Implementation Details

All experiments were performed on an Intel Xeon running at 2.3 GHz processor with 16 cores and 64 GB of RAM, which is an m4.4xlarge AWS EC2 instance. In our implementation, we used a variant of a fixed-point homomorphic encryption scheme of Cheon et al [18,24] with C++-based Shoup’s Number Theory Library [25]. Our implementation is publicly available at GitHub [26].

Datasets

We developed our approximation algorithm using the Myocardial Infarction dataset from Edinburgh [27]. The others were obtained from Low Birth Weight Study, Nhanes III, Prostate Cancer Study, and Umaru Impact Study datasets [28-31]. All these datasets have a single binary outcome variable, which can be readily used to train binary classifiers such as logistic regression. Table 2 illustrates the datasets with the number of observations (rows) and the number of features (columns), respectively. We utilized five-fold cross-validation that randomly partitions the original datasets into five folds with the approximately equal size; we used four subsets for learning (with the learning rate α ≈ 1) and one subset for testing the trained model..

Table 2

Description of datasets.

Dataset	Number of observations	Number of features
Edinburgh Myocardial Infarction	1253	10
Low Birth Weight Study	189	10
Nhanes III	15,649	16
Prostate Cancer Study	379	10
Umaru Impact Study	575	9

Parameters and Timings for the Homomorphic Encryption Scheme

We assumed that all inputs had log p = 28 bits of precision and set the bit length of the output ciphertext modulus as log q0 = log p + 10. As discussed previously, when evaluating the gradient descent algorithm with g(x) = g7(x), a ciphertext modulus is reduced more than g(x) = g3(x) at each iteration. Thus, we set the number of iterations as IterNum = 25 (resp IterNum = 20) when g(x) = g3(x) (resp. g(x) = g7(x)) to take an initial ciphertext modulus of similar size. We could actually obtain the approximate bit length of fresh ciphertext modulus log q around 2204 to 2406. The parameter set provides 80 bits of security (see Multimedia Appendix 3 for more details). Because all the computations were performed on encrypted data, the security against a semi-honest adversary follows from the semantic security of the underlying homomorphic encryption scheme. For this setting, the size of the public key and a freshly encrypted ciphertext is 75 MB. The key generation takes approximately 56 to 58 seconds and the encryption takes approximately 1.1 to 1.3 seconds. In Table 3, we evaluated our models performance based on average running time (encryption, evaluation, and decryption) and storage (encrypted dataset size) in each fold.

Table 3

Experiment results of our homomorphic encryption-based logistic regression algorithm

Dataset and degree of g(x)		Encryption (sec)	Evaluation (min)	Decryption (sec)	Storage (GB)
Edinburgh Myocardial Infarction
	3	12	131	6.3	0.69
	7	12	116	6.0	0.71
Low Birth Weight Study
	3	11	101	4.9	0.67
	7	11	100	4.5	0.70
Nhanes III
	3	21	265	12	1.15
	7	21	240	13	1.17
Prostate Cancer Study
	3	11	119	4.4	0.68
	7	11	100	4.5	0.70
Umaru Impact Study
	3	10	109	5.1	0.61
	7	10	94	4.3	0.63

We used a popular metric, area under the receiver operating characteristic curve (AUC), to measure the model’s classification performance when the true positive rate was plotted against the false positive rate at various thresholds. Figure 3 plots the average AUC values from five-fold cross-validation for datasets. The program was implemented by MATLAB 2017a.

Figure 3

Average AUC of encrypted logistic regression. FPR: false positive rate; TPR: true positive rate.

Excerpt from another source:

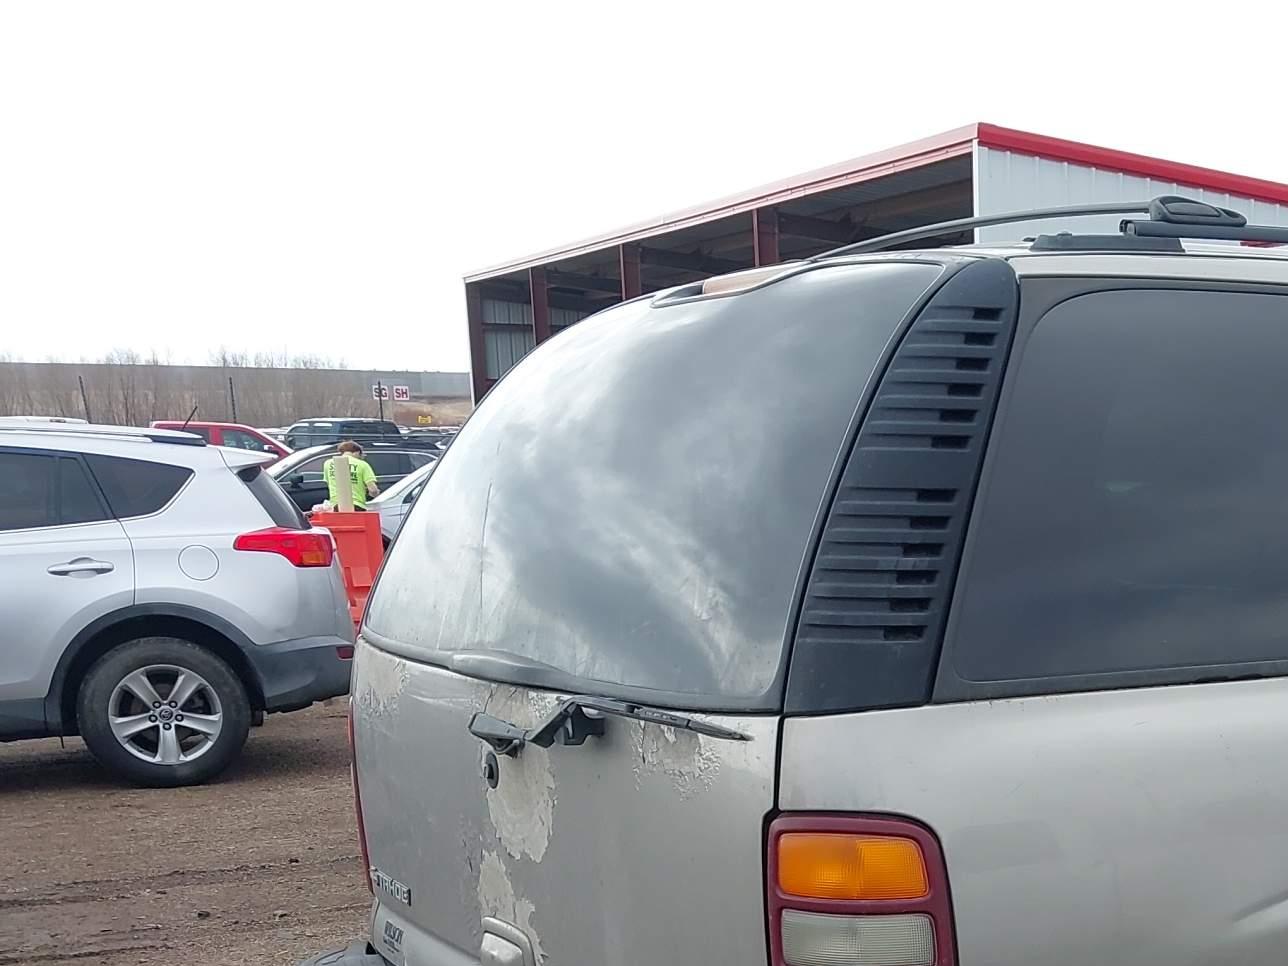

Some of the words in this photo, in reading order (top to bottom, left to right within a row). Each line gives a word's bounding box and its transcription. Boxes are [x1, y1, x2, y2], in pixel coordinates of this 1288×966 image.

[373, 387, 388, 398] SG
[394, 387, 409, 399] SH
[375, 870, 412, 907] TAHOE

We can converge to the optimum within a small number of iterations (20~25), which makes it very promising to train a homomorphically encrypted logistic regression model and mitigate the privacy concerns. In Table 4, we compared the produced models using our encrypted approach and unencrypted logistic regression. In the unencrypted cases, we used the original sigmoid function on the same training dataset with the same iteration numbers as the encrypted cases. For discrimination, we calculated the accuracy (%), which is defined by the percentage of the correct predictions on the testing dataset. For a more accurate comparison, we used the MSE that measures the average of the squares of the errors. We could also normalize it by dividing by the average of the squares of the (unencrypted) model parameters, called a normalized mean squared error (NMSE).

Table 4

Comparison of encrypted/unencrypted logistic regression. AUC: area under the receiver operating characteristic curve. MSE: mean squared error; NMSE: normalized mean squared error.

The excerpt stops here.